A série "Tiger's Curse" não me pertence.


*Pêssego e creme*

Por menos que gostasse daquele circo, Ren precisava admitir que ele não era dos piores. Seu atual domador era um velho gordo e barbudo, mas que possuía um coração gentil e bondoso, tratando o tigre branco com um respeito que nenhum dos seus antigos domadores tinha-lhe demonstrado até então. Ren gostava do sujeito. Ele o alimentava regularmente, mantinha a jaula sempre limpa, elogiava o desempenho do enorme felino após cada ensaio e cada apresentação, e nunca, mas nunca mesmo erguia o chicote com o intuito de feri-lo. No entanto, Ren continuava a não gostar muito daquele circo.

Viver na pele de um tigre branco por um pouco mais de três séculos ensinou Ren a perceber o mundo ao seu redor de uma forma única e especial. E viver como uma atração circense por anos e mais anos, viajando o mundo e entretendo multidões sob uma lona colorida, serviu para ensinar ao príncipe amaldiçoado que manter um circo funcionando não era uma tarefa nada fácil.

E Ren sabia que aquele circo estava fadado ao fracasso.

As atrações eram sem graça. Os números, repetitivos e maçantes. O espetáculo, tedioso. E até mesmo o desempenho da maioria dos integrantes deixava muito a desejar.
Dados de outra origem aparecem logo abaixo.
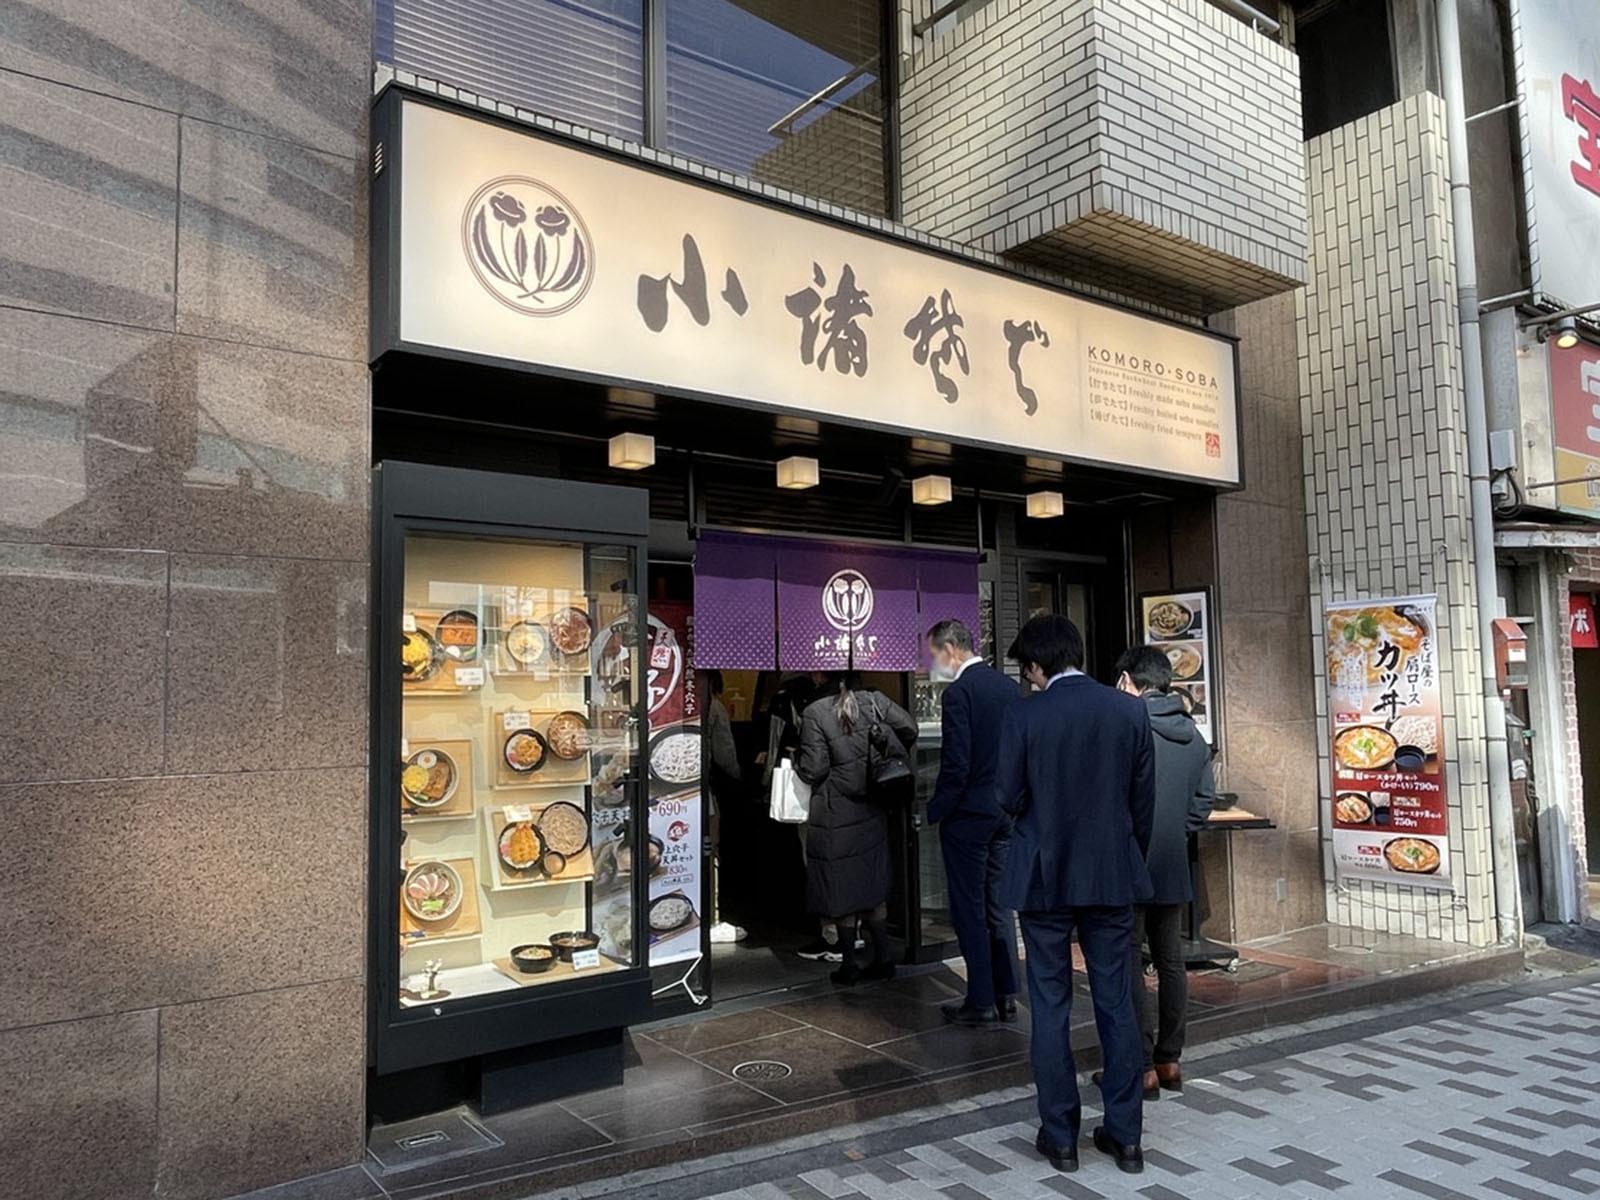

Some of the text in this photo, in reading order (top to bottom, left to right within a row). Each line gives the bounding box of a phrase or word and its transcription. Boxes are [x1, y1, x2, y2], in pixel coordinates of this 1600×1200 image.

[1372, 640, 1407, 731] カツ丼
[1405, 655, 1421, 705] 肩ロース
[1420, 638, 1433, 688] そば屋の
Claro que o seu domador tinha muita força de vontade, mas Ren sabia que aquele homem não tinha vocação alguma para ser um domador de animais, e o príncipe às vezes se flagrava pensando no tal do sujeito, preocupado de que se ele estivesse lidando com um tigre de verdade, um que não tivesse uma consciência humana, certamente já teria desistido do emprego.
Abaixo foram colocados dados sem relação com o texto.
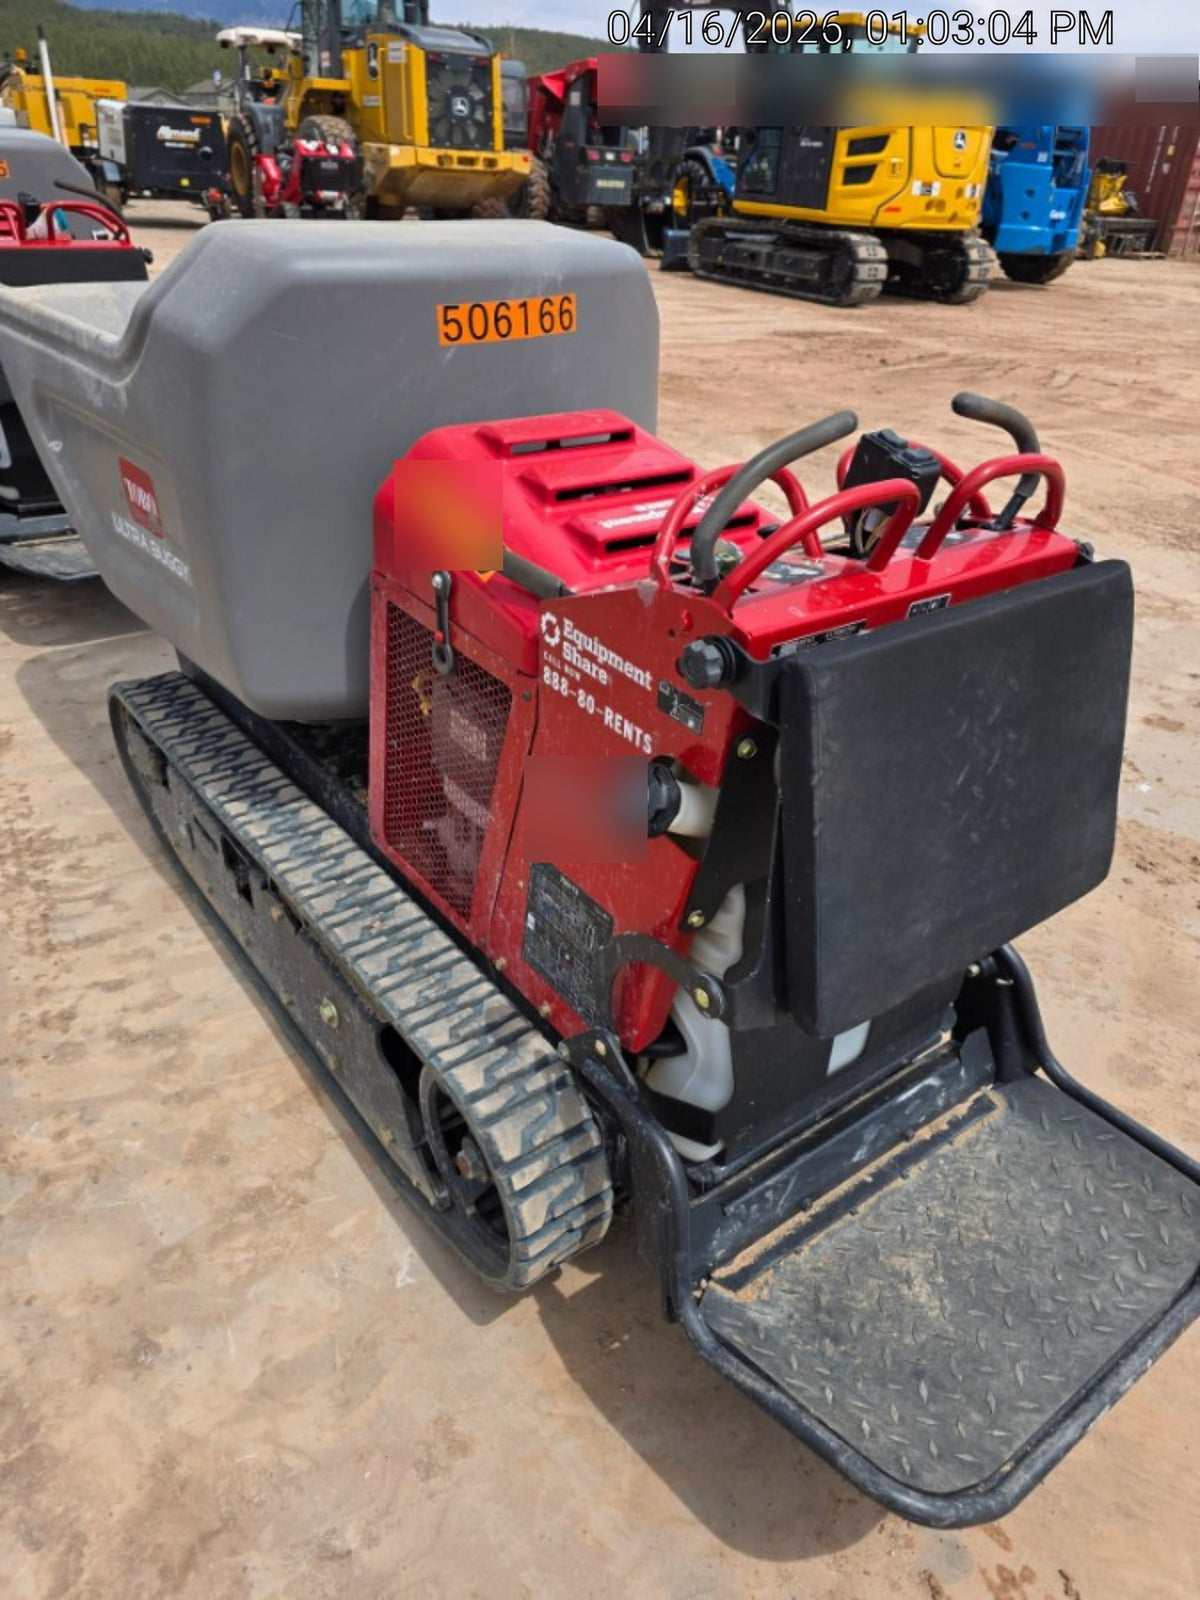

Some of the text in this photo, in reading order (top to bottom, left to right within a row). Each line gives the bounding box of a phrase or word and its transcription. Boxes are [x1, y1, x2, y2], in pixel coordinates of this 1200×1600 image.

Era uma questão de tempo apenas até aquele circo falir, e a fera indiana já tinha até ouvido uma ou outra conversa sobre venda de animais, negociações para pagar dívidas, e preparações para uma última apresentação.

E a última apresentação realmente veio.

Claro que o nome utilizado para a divulgação do espetáculo que marcaria o fim daquele grupo de artistas não foi 'última apresentação', mas sim algo mais suave e agradável, que incomodou menos os ouvidos da trupe circense e que, com certeza, doeu menos nos corações deles também.

'A Grande Despedida' ocorreu numa cidadezinha dos Estados Unidos cujo nome era desconhecido para o belo tigre, mas isso não era novidade nenhuma para Ren, uma vez que ele quase nunca guardava o nome dos lugares por onde passava. E de que adiantava guardar esses nomes? De que adiantava a ele saber que estava em Paris se não tinha a chance de passear às margens do Sena, ou de saber que estava na China se não podia visitar a famosa Muralha, ou de saber que se encontrava em Londres se lhe era negada a chance de aproveitar uma tarde admirando os resultados da famosa revolução industrial? Antigamente... antigamente sim ele se importaria em saber. Antigamente ele queria saber quem seria o seu novo 'dono', para onde iria, que idioma as pessoas falariam por lá. Entretanto, depois de anos e mais anos passando de mão em mão, de circo em circo, e sentindo a sua humanidade se esvair pouco a pouco, ele finalmente perdeu esse interesse.

E não mais se importou.

Mas, o que interessa mesmo é que 'A Grande Despedida', apesar de ter sido a última apresentação daquele circo, não surpreendeu. O espetáculo, que não fazia justiça ao próprio nome, visto que faltava muito para se tornar um espetáculo de verdade, carregou a mesma apatia de sempre, com números enfadonhos e tediosos, e Ren se sentiu com vontade de bocejar inúmeras vezes.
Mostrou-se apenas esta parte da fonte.